Ed Poole is 86; Sarah Schoener is 78. They tend to their garden as if they've been together for decades. But their relationship only started nine years ago when the widow and widower went on their first date.
"I said.'Would you like to go to opera with me?' And she said. 'Yes, only if I can pay for my own ticket.' And I said, 'That's not necessary, pay for it?' Oh, I insist.. so I said ok," says Poole.
"And I always say at that point those were the last tickets I ever paid for!" adds Schoener.
Three months later, they began discussing marriage.
"Just the fact that we had so much in common. That was the moment for me right there, that was the woman for me, I wanted to be with her the rest of my life," says Poole. "I love her very much."
"He's very romantic," adds Schoener.
But marriage can be a tricky proposition for seniors, says Dorian Solot, the executive director of the Alternatives to Marriage project.
"For many seniors, there are financial reasons for not getting remarried… losing Social Security benefits, etc.," notes Solot.
"It was certainly financially a lot more sensible and practical because I retained my deceased husband's Social Security and his was a lot more lucrative than my own," says Schoener. "So for middle-class people, the amount involved was considerable and it made the difference in all the extra things that we now had the time and the leisure and the interest in doing. Opera tickets are expensive!"
So instead of re-marrying, the couple just moved in with each other.
"It seemed like it made sense for us to be living in one house, financially and for the convenience of being together in every way," says Schoener.
"We love to travel, we love the opera, we love the ballet, I can't think of anything that we don't enjoy that we do, we're always on the go," says Poole.
"The number of unmarried senior couples has increased 60 percent in the last decade. They're imitating their grandchildren," notes Solot.
"We weren't raising children and we didn't have anyone to be accountable to, in the same way as maybe we did when, you know, parents were watching," says Schoener. "It really didn't trouble me in the least to be living in sin, as we might have referred to it when we were younger."
So how has the couple being doing, now that they share a home?
"The adjustment for me was not sharing turf, it was the physical space. I had an 8-room, 3-bath house, half an acre, so it's a physical difference for me," says Poole. And Schoener, who has been living in the house for 50 years, says it has been hard.
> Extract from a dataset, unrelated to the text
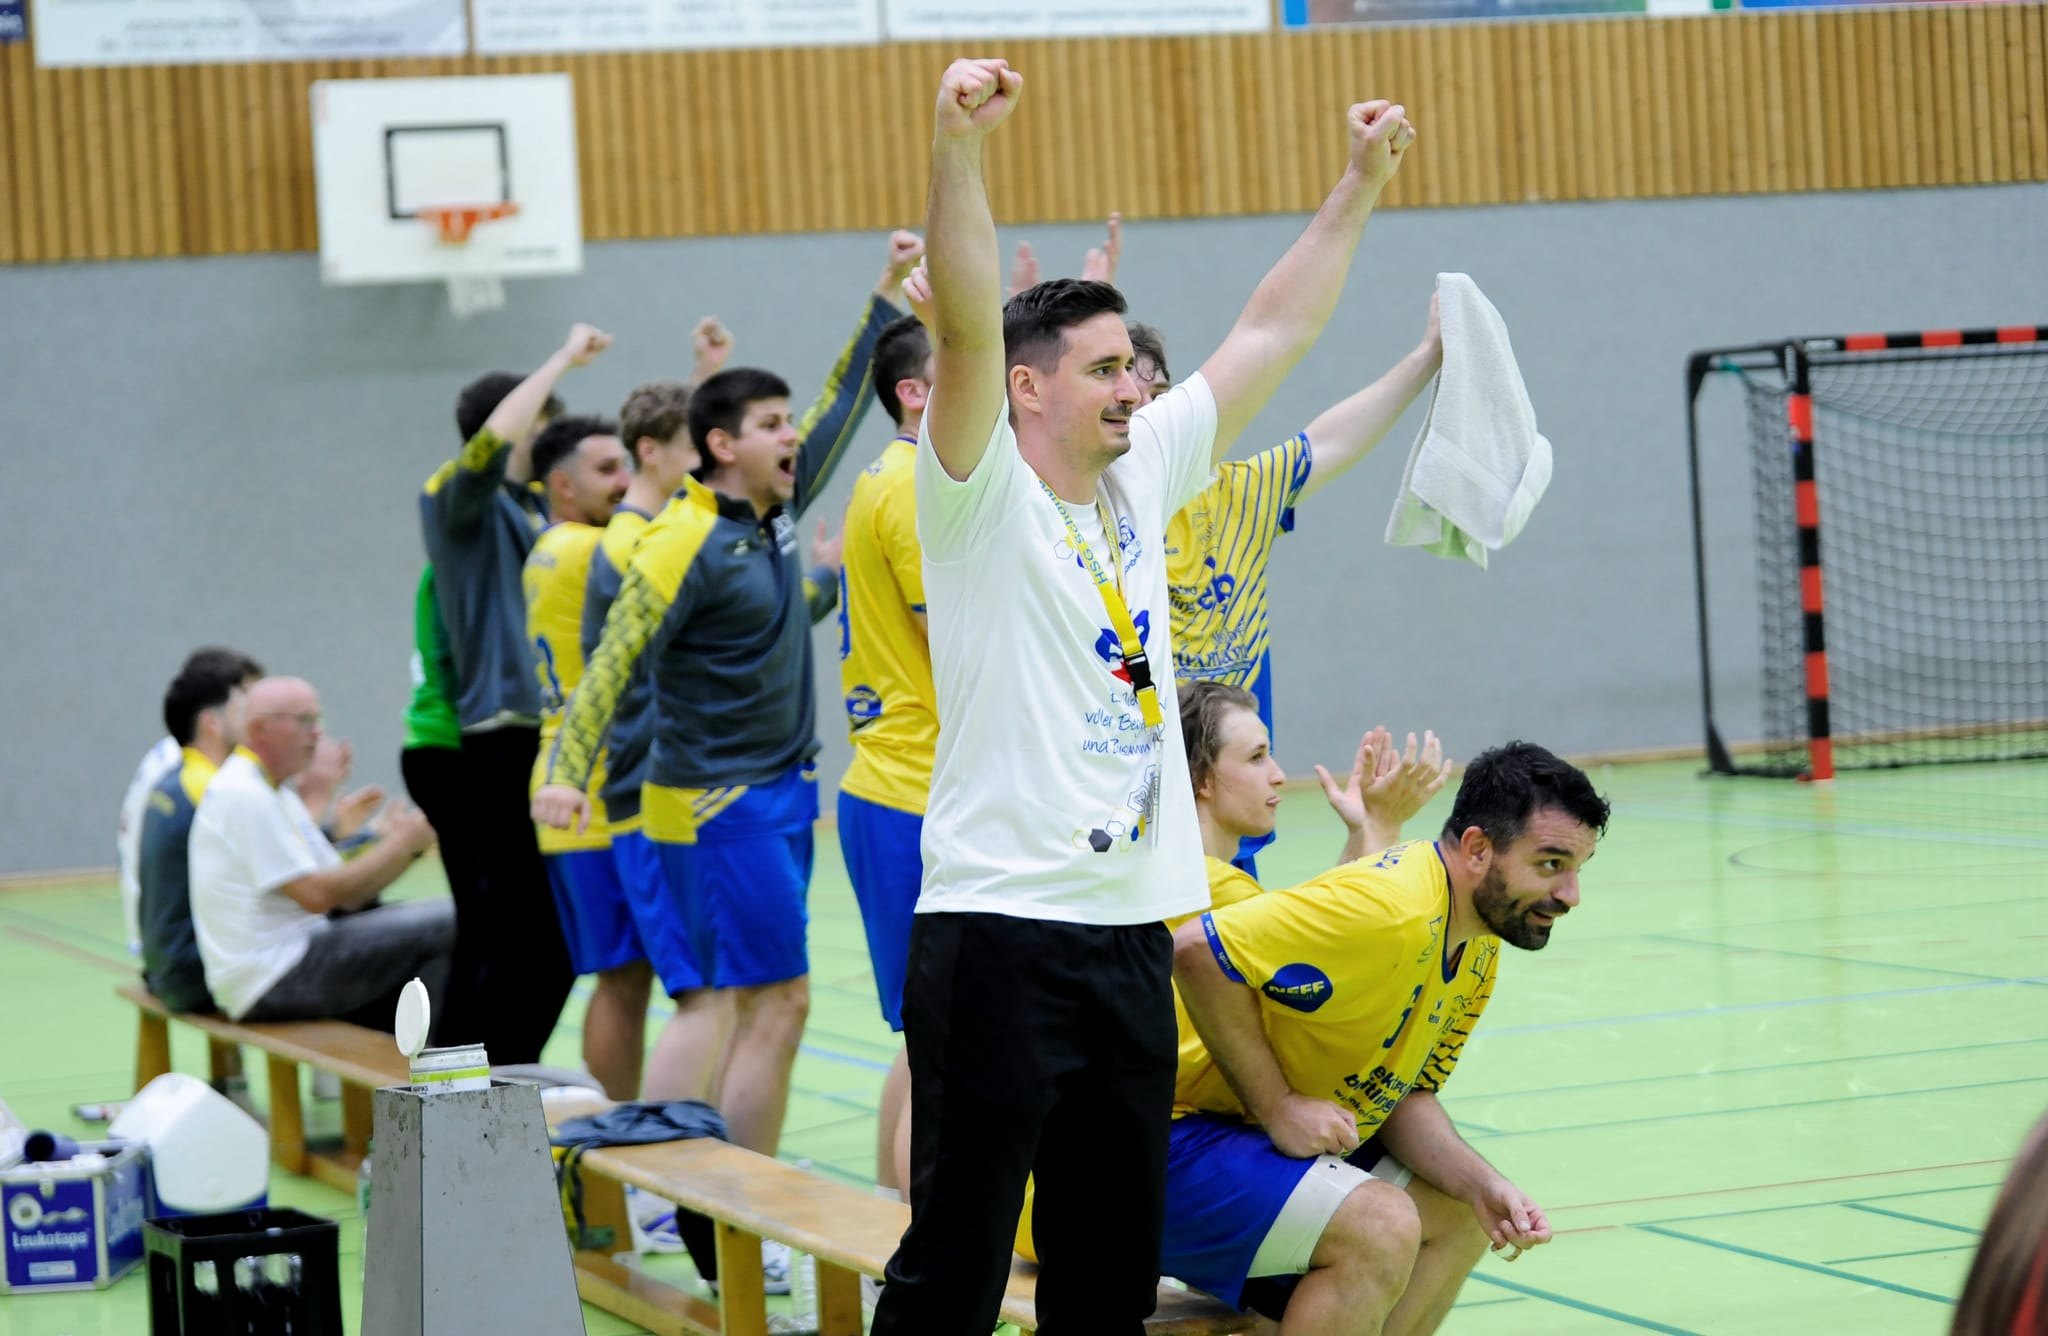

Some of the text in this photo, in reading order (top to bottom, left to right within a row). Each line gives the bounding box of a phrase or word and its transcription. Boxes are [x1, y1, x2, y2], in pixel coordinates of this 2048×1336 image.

[1083, 548, 1108, 585] HSG
[1082, 737, 1108, 753] und
[1268, 980, 1325, 996] NEFF
"He was always banging into doors and open closets, and the edge of the bed. It took him a while to get used to the smallness. And when he looked out at this little backyard, compared to that half-acre garden park that he used to have, he used to look down his nose, but see, he's planted flowers and he loves it," she adds.
"And we also have the cat, whose nickname is Coosey meaning 'child of our senior years', so we share an offspring," says Schoener with a laugh.
To Schoener, living with Poole has been particularly important at this time in her life.
"We're losing a lot of friends, people are here today and gone tomorrow. For every day that we have, I have someone to share it with and to enrich the days that we do have left. I think that's a blessing," she says.
"I'll put it as succinctly as possible, she's my significant other!!! Every human being needs a significant other; you need someone to love and someone to love you back." Poole adds. I'll tell you, these are the happiest days of my life."
"Isn't that something sweet?" Schoener asks.
Poole and Schoener will celebrate their ninth anniversary this weekend, marking the day of their first date at the opera. And although they feel no real urge to get married, both said they probably would if laws were changed to protect their Social Security and other benefits. Until then, they'll be living "in sin" happily ever after.